Although various energy storage systems together with fast-acting gas turbines are high-quality reserve resources for balancing the wind power forecasting error, they generally suffer from immature technique, high expenditure, and insufficient net capacity [

3]. Therefore, exploration of technically feasible, low-cost, and abundant reserve resources makes apparent sense for power systems accommodating more wind energy. In recent years, the load frequency damping (LFD) effect has attracted considerable research interest because the active power consumed by the composite load of a power system naturally decreases as the steady-state frequency of the system increases, and vice versa. Because normal power systems can safely operate with frequency deviations within permitted ranges [4], several studies propose flexible frequency operation for multi-microgrids. References [3], [5]-[7] argue that the AC power system operating at a small frequency deviation from the nominal value is compliant and feasible. Based on these research works, AC power systems have great potential to operate flexibly at different frequencies. Therefore, loads become frequency-dependent adjustable resources that participate in power balance control.

It is pointed out in [

8] that the natural sensitivity (normally known as the load damping factor) of composite load power with respect to frequency is generally around 1.0-1.5 p.u.. Considerable experience has been gained by industries with respect to technologically upgrading the frequency response capabilities of energy-intensive frequency-dependent industrial loads such as the electrical arc furnace and the polysilicon load. In addition, electrolytic aluminum, another type of industrial energy-intensive load that is connected through the electronic device to the power system, has been proven to have ability to participate in system frequency regulation [9], [10]. Moreover, the residential demand side does witness an increasing trend of power electronic devices such as electric vehicles (EVs) [11]. If such load has willingness to participate in frequency regulation by economic incentive or policy requirement, more power could be released during system frequency excursion, which leads to an increasing trend in frequency damping effect. Based on these, the concept of virtual power plant (VPP) is proposed and extensively studied in recent years to coordinate flexible loads together with distributed energy resources participating in system frequency regulation [12]. Therefore, the frequency sensitivities of composite loads could be positively enhanced for power systems in the near future. Hence, considering the huge capacities of large-scale modern power systems, flexible and abundant frequency-dependent load power is predicted to become much more significant for secure and economic operation of wind-integrated power systems [13].

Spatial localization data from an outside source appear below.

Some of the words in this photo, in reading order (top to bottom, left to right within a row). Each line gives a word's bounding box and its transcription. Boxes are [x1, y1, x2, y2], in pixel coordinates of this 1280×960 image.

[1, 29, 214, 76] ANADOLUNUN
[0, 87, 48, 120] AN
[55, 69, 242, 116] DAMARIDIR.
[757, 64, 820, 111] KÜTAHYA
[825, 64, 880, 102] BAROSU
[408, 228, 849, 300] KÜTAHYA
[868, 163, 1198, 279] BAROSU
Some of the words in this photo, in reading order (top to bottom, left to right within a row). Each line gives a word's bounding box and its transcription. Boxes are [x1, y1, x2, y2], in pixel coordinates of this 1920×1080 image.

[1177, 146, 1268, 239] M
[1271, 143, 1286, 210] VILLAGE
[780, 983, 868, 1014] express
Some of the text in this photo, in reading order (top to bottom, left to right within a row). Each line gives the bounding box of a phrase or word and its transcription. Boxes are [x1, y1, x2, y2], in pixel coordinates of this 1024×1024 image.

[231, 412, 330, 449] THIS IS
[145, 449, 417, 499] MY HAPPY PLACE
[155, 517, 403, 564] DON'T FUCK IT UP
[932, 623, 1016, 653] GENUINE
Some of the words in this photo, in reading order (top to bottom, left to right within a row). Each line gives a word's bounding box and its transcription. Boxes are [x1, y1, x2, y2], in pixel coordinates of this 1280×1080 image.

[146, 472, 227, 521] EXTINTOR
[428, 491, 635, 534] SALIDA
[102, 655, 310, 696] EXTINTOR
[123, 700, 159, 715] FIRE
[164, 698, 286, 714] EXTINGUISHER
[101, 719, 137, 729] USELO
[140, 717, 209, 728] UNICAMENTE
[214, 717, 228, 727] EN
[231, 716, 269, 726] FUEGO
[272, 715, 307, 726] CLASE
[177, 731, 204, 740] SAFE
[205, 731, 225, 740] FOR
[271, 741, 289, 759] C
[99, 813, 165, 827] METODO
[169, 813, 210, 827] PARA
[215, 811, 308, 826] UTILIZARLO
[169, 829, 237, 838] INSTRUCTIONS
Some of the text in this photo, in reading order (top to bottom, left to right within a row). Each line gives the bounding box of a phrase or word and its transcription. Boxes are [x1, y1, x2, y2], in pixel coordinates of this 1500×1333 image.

Generally speaking, wind farms are located in remote areas and integrated into local power grids. Owing to the needs of long transmission distances and large transmission capacities, a common engineering practice is to connect these wind-integrated power grids with power grids feeding load centers by high-voltage DC (HVDC) transmission lines [

14]. Voltage source converter (VSC) based HVDC systems have further advantages in terms of bi-directional power transfer between interconnected regional AC grids, which also allows more flexible mutual power (reserve) supports between them [15]. Regional AC grids interconnected by DC tie-lines can have different operational frequencies [16], and this is convenient for fully exerting frequency-dependent loads to engage in the scheduling of entire AC/DC hybrid power systems because each regional AC grid may have its own permitted frequency deviation range. Furthermore, a hierarchical scheduling structure is in general preferred for such AC/DC hybrid power systems because the regional AC grids may be independently operated by different system operators. In other words, due to privacy protection, the regional AC grids may not allow all of their information to be used for centralized scheduling [17].

The aim of this paper is to explore novel reserves that come from the LFD effect for day-ahead generation scheduling of a bulk AC/DC hybrid power system with WPG. Specifically, by allowing feasible deviations of operational frequencies for regional AC grids, the frequency-dependent extra power consumed or supplied by loads can act as partial reserves in an improved stochastic unit commitment problem to cope with the uncertain wind power forecasting error. Moreover, to meet risk preference, the proposed frequency-dependent chance constrained unit commitment (FDCCUC) model explicitly takes into account the wind curtailment expectation (WCE), load shedding expectation (LSE), and chance constrained power balance, which are computed based on the probability distribution of wind power forecasting error. Furthermore, the optimization of the FDCCUC model is approximately converted to a mixed-integer linear programming (MILP) problem and, accordingly, a hierarchical searching algorithm is proposed to find an optimal solution without requiring private scheduling information from the regional AC grids. The main contributions of this paper are summarized as follows.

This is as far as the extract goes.